--- What the task asks ---
Could you repeat every entry below word for word, leaving out the pictures?

--- The input ---
BEGIN
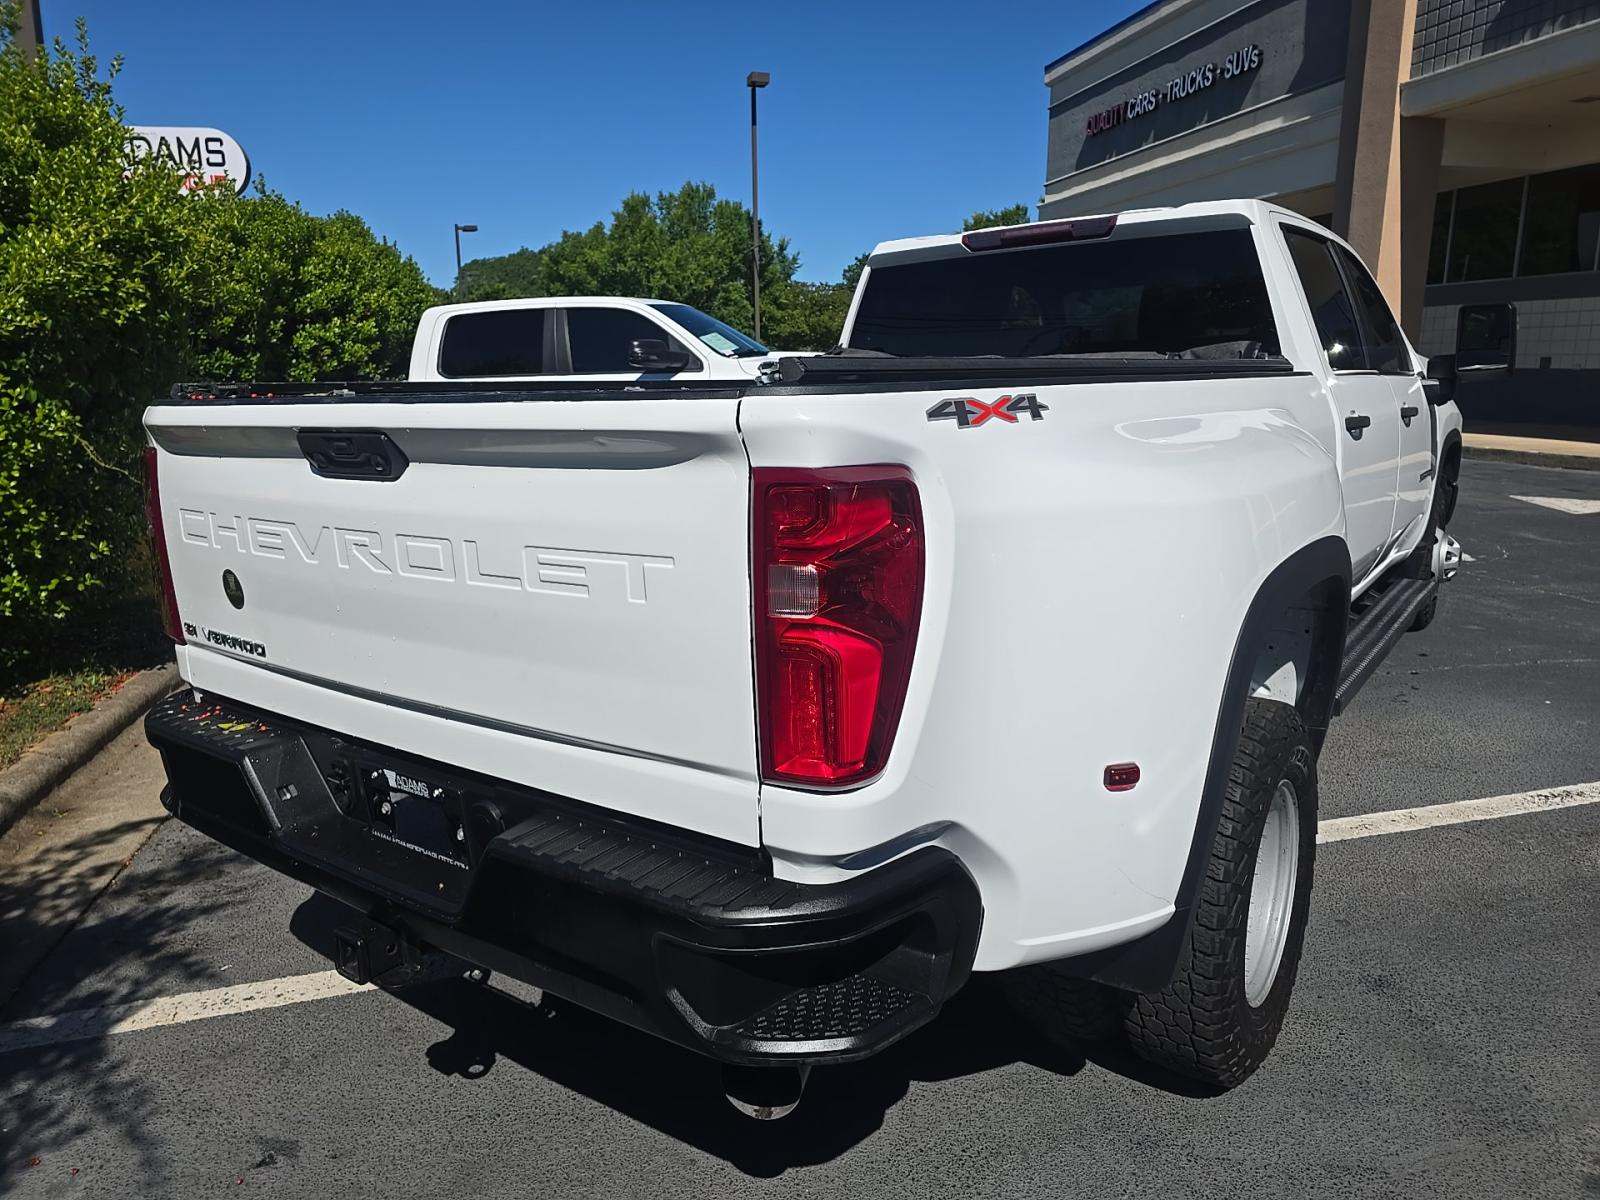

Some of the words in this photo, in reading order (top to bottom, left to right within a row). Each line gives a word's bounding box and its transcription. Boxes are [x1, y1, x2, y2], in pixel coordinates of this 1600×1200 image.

[1086, 103, 1127, 136] QUALITY
[1127, 89, 1156, 119] CARS
[1165, 63, 1213, 103] TRUCKS
[1224, 45, 1259, 79] SUVs
[121, 136, 226, 168] DAMS
[180, 508, 675, 603] CHEVROLET
[396, 775, 428, 794] ADAMS
END
--- Your solution ---
Some of the words in this photo, in reading order (top to bottom, left to right within a row). Each line gives a word's bounding box and its transcription. Boxes are [x1, y1, x2, y2], in pixel coordinates of this 1600×1200 image.

[1086, 103, 1127, 136] QUALITY
[1127, 89, 1156, 119] CARS
[1165, 63, 1213, 103] TRUCKS
[1224, 45, 1259, 79] SUVs
[121, 136, 226, 168] DAMS
[180, 508, 675, 603] CHEVROLET
[396, 775, 428, 794] ADAMS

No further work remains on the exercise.